Hittite music is the music of the Hittites of the 17th–12th century BC and of the Syro-Hittite successor states of the 12th–7th century BC.

Understanding of Hittite music is based on archaeological finds and literary source material. Hittite texts mainly describe the use of music in religious contexts. The basic musical elements were instrumental music and singing, as well as shouting and other noises, like clapping. Because of the small amount of evidence, Hittite music is poorly understood compared to Mesopotamian and Egyptian music of the same period.
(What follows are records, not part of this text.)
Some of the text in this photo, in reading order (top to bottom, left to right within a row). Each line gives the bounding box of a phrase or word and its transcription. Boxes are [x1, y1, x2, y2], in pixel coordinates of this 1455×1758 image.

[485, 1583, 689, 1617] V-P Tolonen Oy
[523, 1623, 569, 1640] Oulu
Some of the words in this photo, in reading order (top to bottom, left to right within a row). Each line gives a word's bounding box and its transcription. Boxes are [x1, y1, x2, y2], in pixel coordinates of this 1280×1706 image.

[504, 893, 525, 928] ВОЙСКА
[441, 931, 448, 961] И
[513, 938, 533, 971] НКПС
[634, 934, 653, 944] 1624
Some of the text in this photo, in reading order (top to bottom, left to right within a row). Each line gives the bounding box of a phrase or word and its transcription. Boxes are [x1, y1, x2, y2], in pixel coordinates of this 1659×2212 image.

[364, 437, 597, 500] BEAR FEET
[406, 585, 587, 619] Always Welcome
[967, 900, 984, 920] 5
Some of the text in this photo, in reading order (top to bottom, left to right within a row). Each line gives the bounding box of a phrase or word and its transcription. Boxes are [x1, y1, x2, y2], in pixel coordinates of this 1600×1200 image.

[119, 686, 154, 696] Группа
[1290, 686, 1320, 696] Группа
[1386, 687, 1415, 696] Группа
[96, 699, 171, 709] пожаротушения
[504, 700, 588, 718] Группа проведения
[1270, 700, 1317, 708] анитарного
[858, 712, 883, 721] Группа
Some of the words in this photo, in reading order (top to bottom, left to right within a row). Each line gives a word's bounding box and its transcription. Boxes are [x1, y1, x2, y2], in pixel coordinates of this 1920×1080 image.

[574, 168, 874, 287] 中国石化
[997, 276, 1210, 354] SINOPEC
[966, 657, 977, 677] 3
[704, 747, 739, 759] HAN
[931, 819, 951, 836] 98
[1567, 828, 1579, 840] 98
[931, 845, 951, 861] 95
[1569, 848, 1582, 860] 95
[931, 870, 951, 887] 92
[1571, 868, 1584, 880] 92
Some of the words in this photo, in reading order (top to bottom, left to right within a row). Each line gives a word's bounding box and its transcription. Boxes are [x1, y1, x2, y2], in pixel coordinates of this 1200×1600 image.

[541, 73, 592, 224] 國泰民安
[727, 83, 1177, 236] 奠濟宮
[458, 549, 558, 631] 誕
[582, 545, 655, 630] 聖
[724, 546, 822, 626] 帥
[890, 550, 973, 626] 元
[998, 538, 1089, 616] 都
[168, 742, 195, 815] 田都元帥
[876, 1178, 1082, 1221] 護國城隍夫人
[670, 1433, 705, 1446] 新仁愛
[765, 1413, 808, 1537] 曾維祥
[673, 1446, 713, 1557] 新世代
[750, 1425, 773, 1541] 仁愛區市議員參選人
== Cultural and chronological variation ==
The inhabitants of the Hittite empire did not belong to a single ethnicity. The north, up to the Black Sea, was inhabited by the Hatti, which had a large influence on Hittite culture. Their language, Hattian, was regularly used in Hittite religious rituals. The Luwians, who were closely related to the Hittites, lived in southern Anatolia, and it seems that the horn played a particularly important role in their religious rituals. Several song introductions in the Luwian language are transmitted in Hittite texts. Influence from the Hurrians who lived to the east of the Hittites only came relatively late. In the later period of the Hittite empire, they had a great influence on the Hittite mythology. The oldest complete piece of musical notation is a Hurrian hymn from Ugarit.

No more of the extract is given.